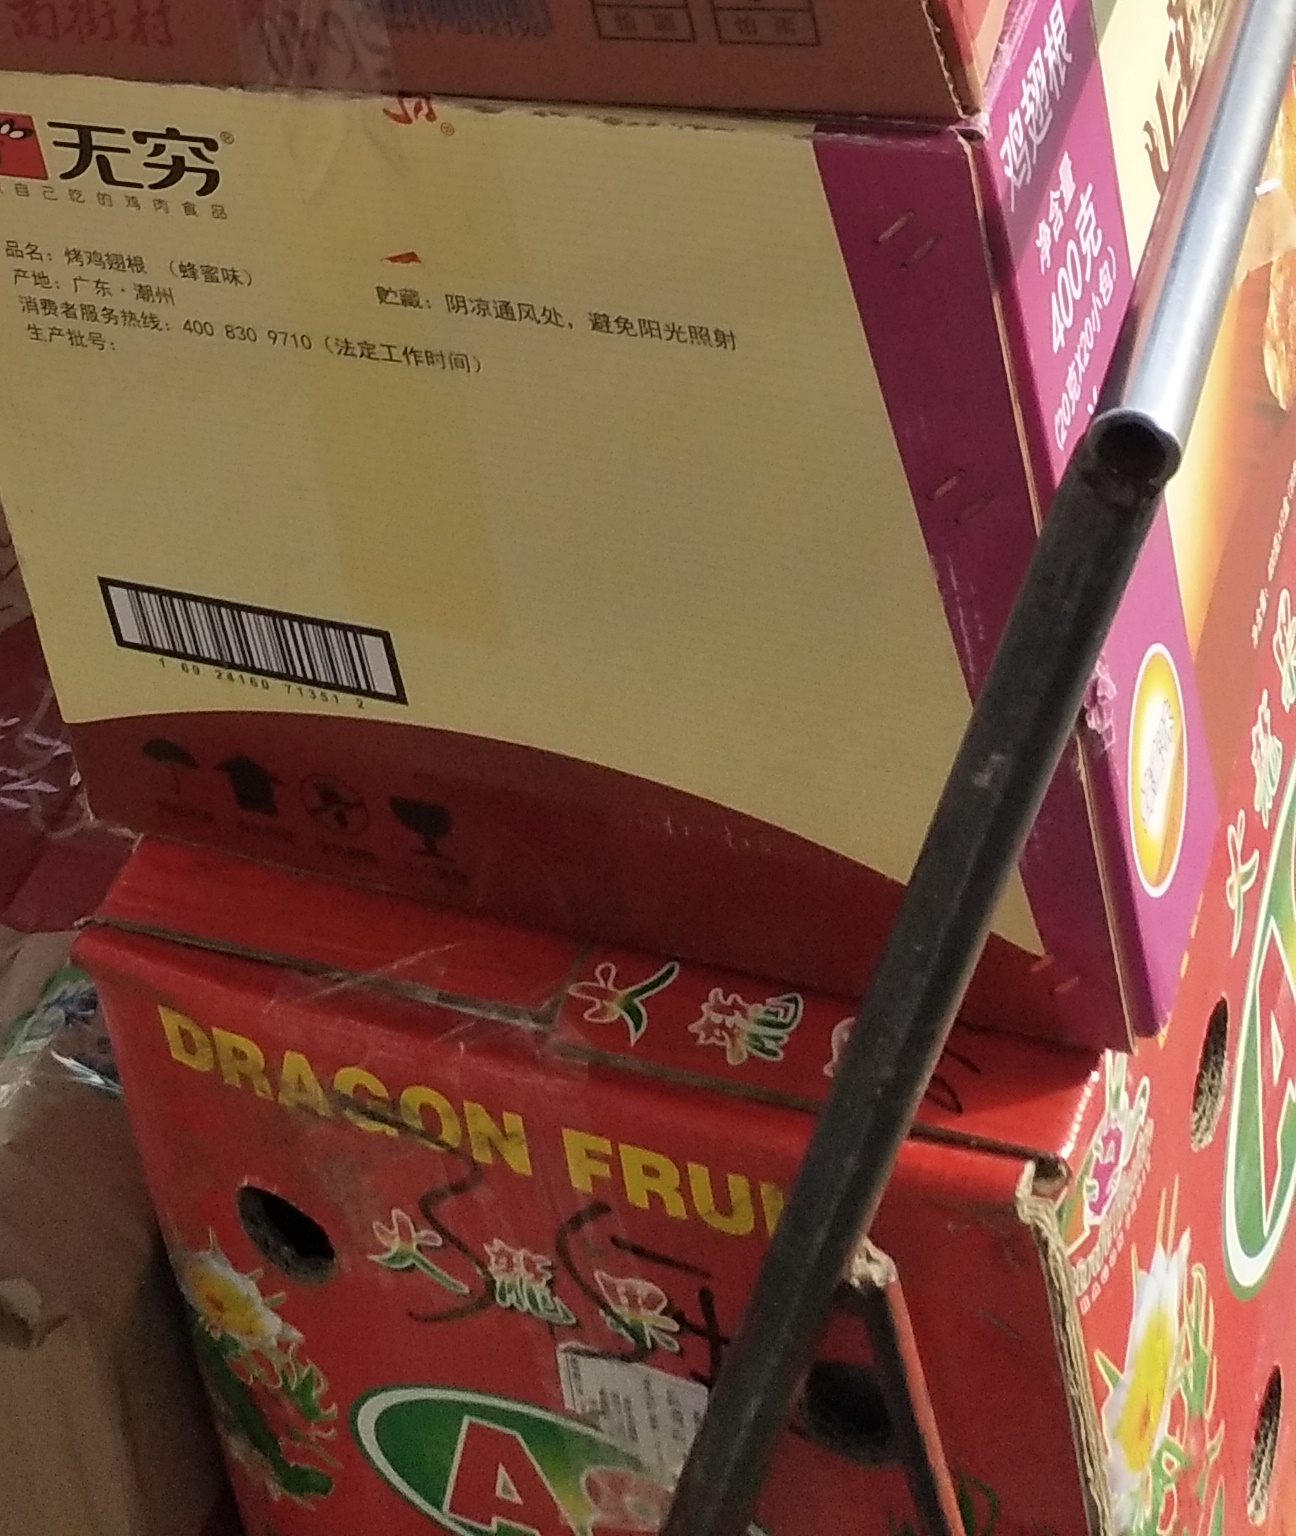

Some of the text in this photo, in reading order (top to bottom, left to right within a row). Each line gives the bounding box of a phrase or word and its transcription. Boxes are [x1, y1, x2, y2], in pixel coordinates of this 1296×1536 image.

[46, 119, 223, 197] 无穷
[1035, 150, 1077, 275] 净含量
[63, 244, 149, 275] 烤鸡翅根
[1051, 182, 1103, 354] 400克
[182, 318, 215, 338] 400
[225, 323, 258, 344] 830
[267, 327, 313, 351] 9710
[587, 311, 738, 352] 避免阳光照射
[156, 1001, 534, 1177] DRAGON

══════════

### Exercise brief
Produce a word-for-word copy of the records, omitting all images.

### Reply to the exercise
Some of the text in this photo, in reading order (top to bottom, left to right within a row). Each line gives the bounding box of a phrase or word and its transcription. Boxes are [x1, y1, x2, y2], in pixel coordinates of this 1296×1536 image.

[46, 119, 223, 197] 无穷
[1035, 150, 1077, 275] 净含量
[63, 244, 149, 275] 烤鸡翅根
[1051, 182, 1103, 354] 400克
[182, 318, 215, 338] 400
[225, 323, 258, 344] 830
[267, 327, 313, 351] 9710
[587, 311, 738, 352] 避免阳光照射
[156, 1001, 534, 1177] DRAGON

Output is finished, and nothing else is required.